News Roundup

I’ve had a couple of inquiries about this WRAL story, which begins: “A Charlotte man who stands at his front door naked is upsetting his neighbors, but police say he is not doing anything illegal.”

Granted, the indecent exposure statute, G.S. 14-190.9, requires that the exposure be in a “public place,” while this individual is inside his own home. However, without commenting on the specific facts of this case, I do not think that being inside one’s own home is necessarily a complete bar to being charged with indecent exposure. Cf. State v. Williams, 190 N.C. App. 676 (2008) (unpublished) (affirming an inmate’s conviction of indecent exposure where he exposed himself using “a food slot visible from the outside walkway” because “a reasonable probability existed that members of the general public [present in the jail] . . . might have witnessed defendant expose himself”); State v. King, 268 N.C. 711 (1966) (holding that the defendant’s car was a “public place” when it was parked in a business’s parking lot). Out of state cases, though of course decided under other statutes, also could support a charge under appropriate facts. See, e.g., State v. Blair, 798 N.W.2d 322 (Iowa Ct. App. 2011) (a defendant who was “facing forward in front of a bay window with the blinds partially pulled up while masturbating” was properly convicted of indecent exposure; “[b]eing in one’s home does not insulate a person from criminal liability for indecent exposure”); Wisneski v. State, 921 A.2d 273 (Md. 2007) (ruling that exposure to casual acquaintances in a living room was sufficiently public to constitute indecent exposure and collecting cases).

In other news:

Prosecutor disciplined. As the News and Observer reported here, the State Bar has suspended the law license of Johnston County Assistant District Attorney Paul Jackson, but has stayed the suspension in favor of probation. The matter arose in connection with a rape case in which DNA analysis was performed. Although the lab determined that the DNA sample did not match the defendant, Jackson failed to take prompt notice of the results and the defendant remained in jail unnecessarily for several months. The Bar determined that Jackson was remorseful and cooperative, and Johnston County District Attorney Susan Doyle stated that she has total confidence in Jackson despite the mistake.

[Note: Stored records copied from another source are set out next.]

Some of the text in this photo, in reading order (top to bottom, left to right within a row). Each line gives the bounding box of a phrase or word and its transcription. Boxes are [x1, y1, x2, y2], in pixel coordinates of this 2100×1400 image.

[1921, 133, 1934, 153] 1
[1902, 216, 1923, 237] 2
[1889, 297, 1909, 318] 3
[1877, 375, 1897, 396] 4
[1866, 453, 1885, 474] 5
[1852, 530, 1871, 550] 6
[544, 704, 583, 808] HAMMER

Reversal is the most likely result of a death sentence. Or is it? UNC professor Frank Baumgartner and former student Anna Dietrich wrote this Washington Post piece, which states: “Based on a review of every death sentence in the United States since 1973, the beginning of the modern era of the death penalty, we have found that the most likely outcome [of a death sentence] isn’t being executed or even remaining on death row as an appeal makes its way through the courts. In fact, the most common circumstance is that the death sentence will be overturned.” It’s easy to see why this matters: few death sentences are obtained each year, and if most are reversed, the death penalty starts to look like a fruitless exercise. But over at Crime and Consequences, this response argues that “the picture has changed over time,” with a huge number of reversals in the 1970s and 1980s as the Supreme Court changed the rules for capital cases frequently and made many of those changes applicable retroactively, and far fewer in recent years as the rules have stabilized, retroactivity law has become more limiting, and federal habeas review has been restricted.

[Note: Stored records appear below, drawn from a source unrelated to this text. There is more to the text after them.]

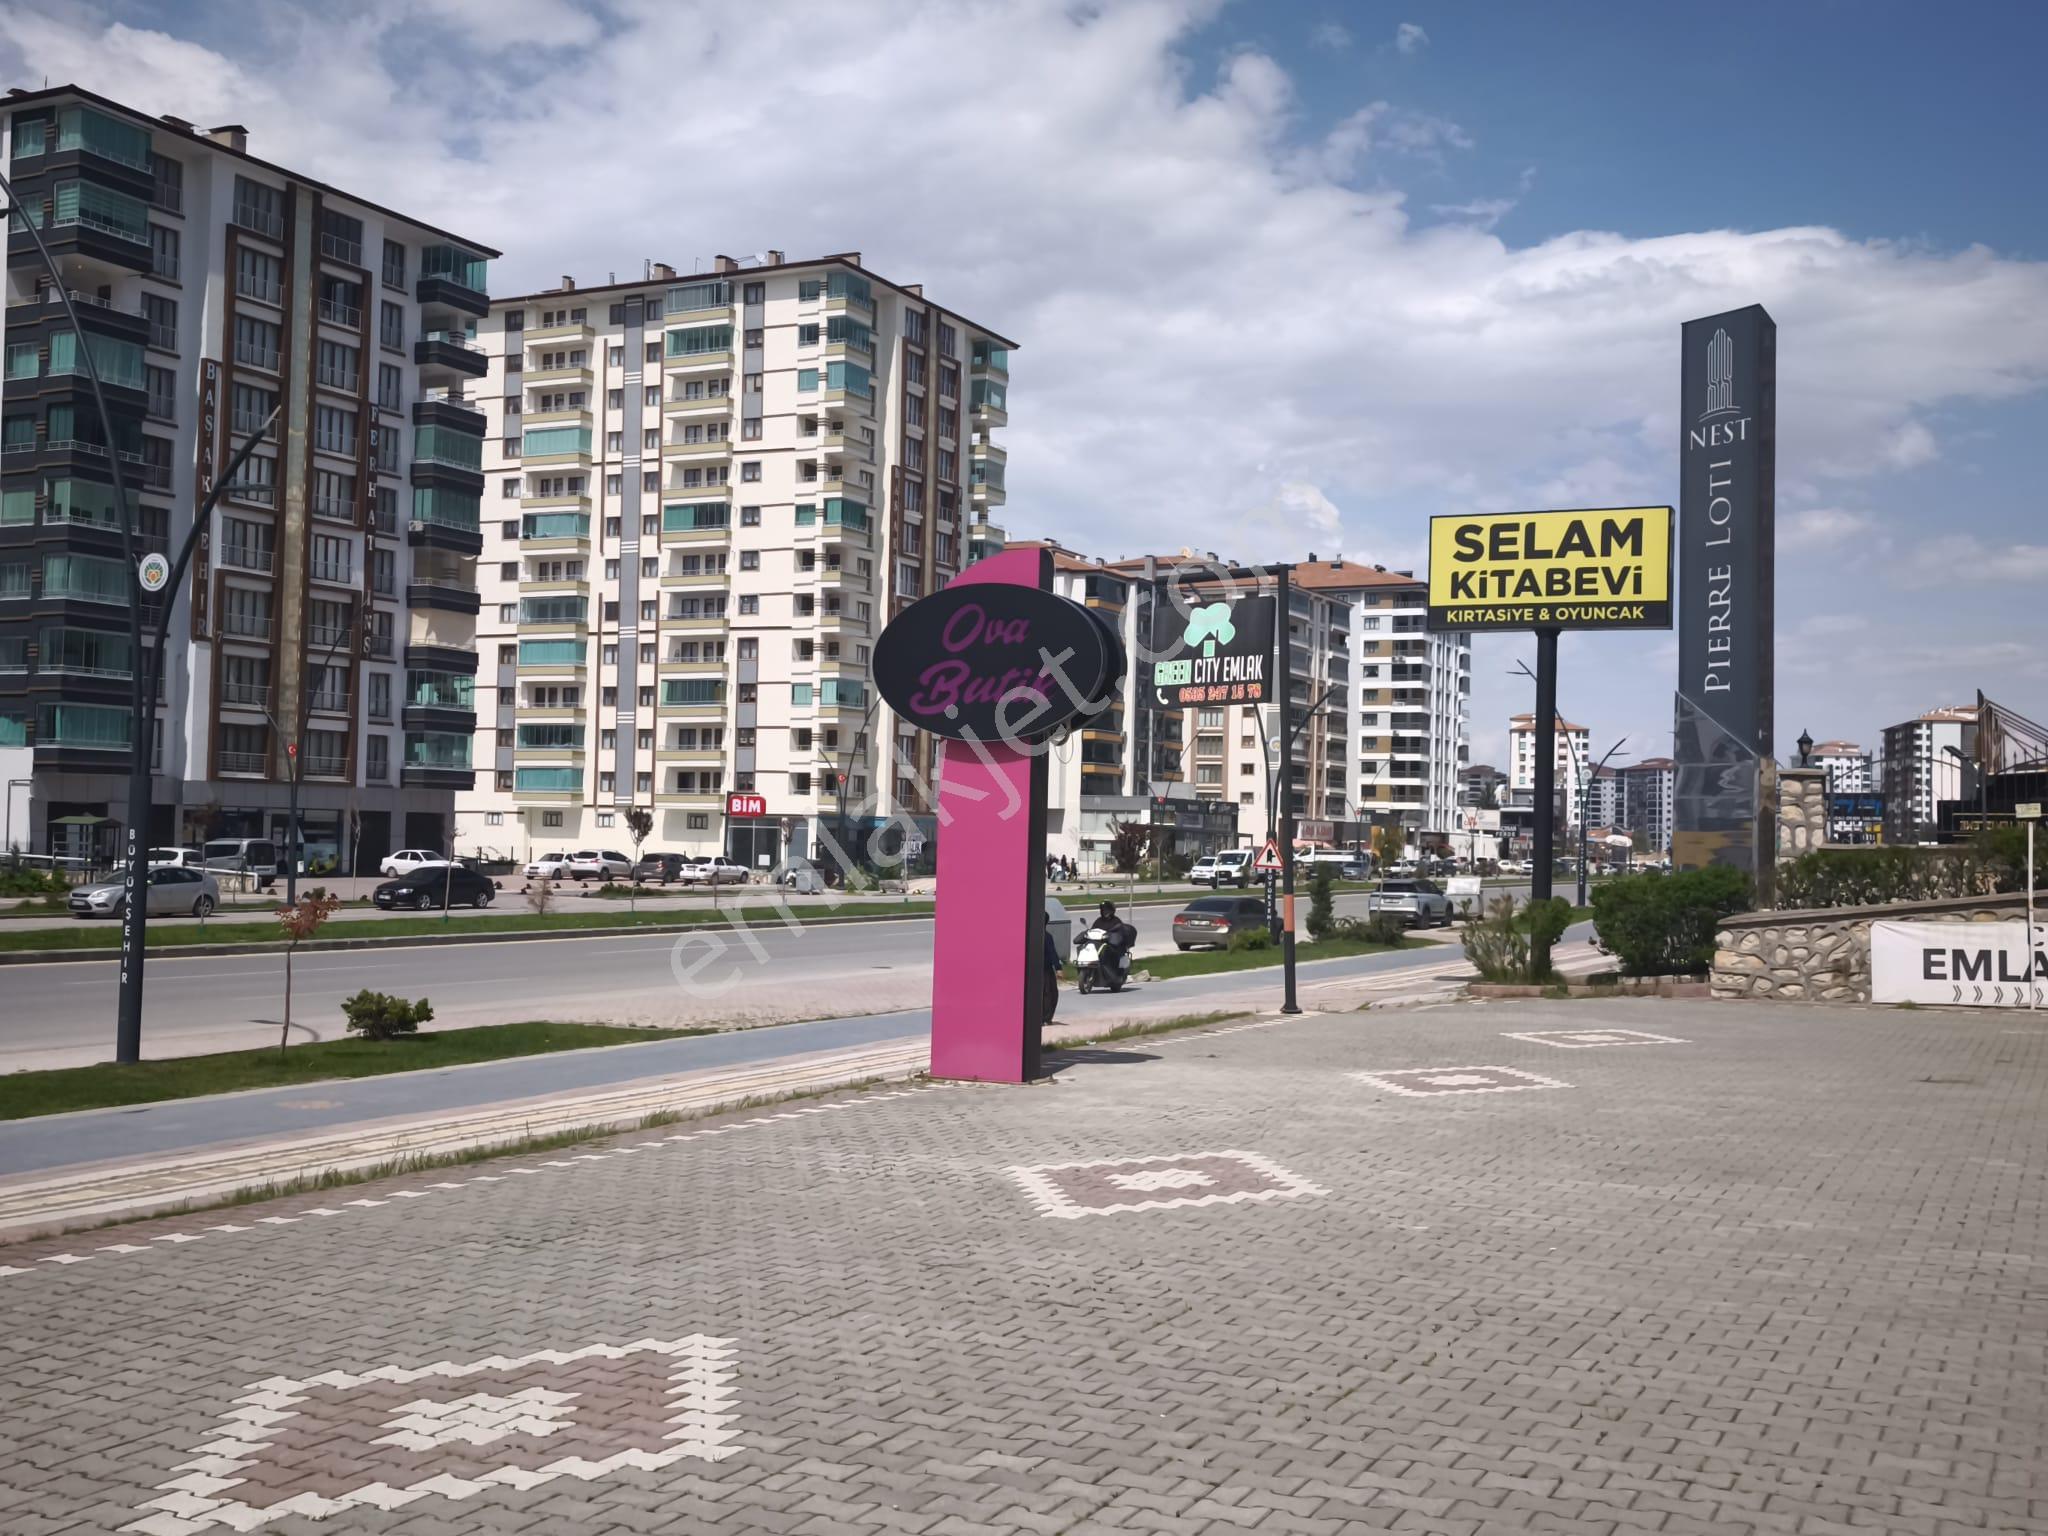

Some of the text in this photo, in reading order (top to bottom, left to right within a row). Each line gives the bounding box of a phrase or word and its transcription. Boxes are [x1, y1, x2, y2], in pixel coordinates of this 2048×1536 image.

[1690, 418, 1751, 450] NEST
[366, 406, 379, 551] FERHAT
[1453, 518, 1644, 562] SELAM
[1704, 460, 1732, 694] PIERRE LOTI
[942, 603, 1030, 652] Ova
[1539, 607, 1550, 620] &
[1555, 606, 1645, 620] OYUNCAK
[910, 659, 1056, 715] Butik
[1194, 657, 1221, 683] CITY
[1223, 655, 1263, 682] EMLAK
[731, 796, 761, 813] BİM

Raleigh officer sues Starbucks over hot coffee. WRAL has this story about “[a] Raleigh police officer [who] is suing Starbucks, two employees and a coffee cup maker after suffering third-degree burns and blisters when his coffee spilled into his lap.” The case is reminiscent of the McDonald’s hot coffee case from the 1990s, in which a New Mexico woman won $2.86 million after spilling hot coffee on herself. Starbucks notes that the officer received the coffee for free and contends that the officer should have been more careful.

Two feel-good stories. Finally, two stories I enjoyed this week. First, California has posthumously awarded a law license to a Chinese immigrant who had been denied the right to practice in 1890 because of his race. Justice delayed but perhaps not totally denied. Second, Justice Ginsburg just turned 82. As a birthday gift, she received a fabulous “You Can’t Handle the Ruth” t-shirt. I am not sure exactly how and why Justice Ginsburg has become a hipster celebrity, but it is pretty cool.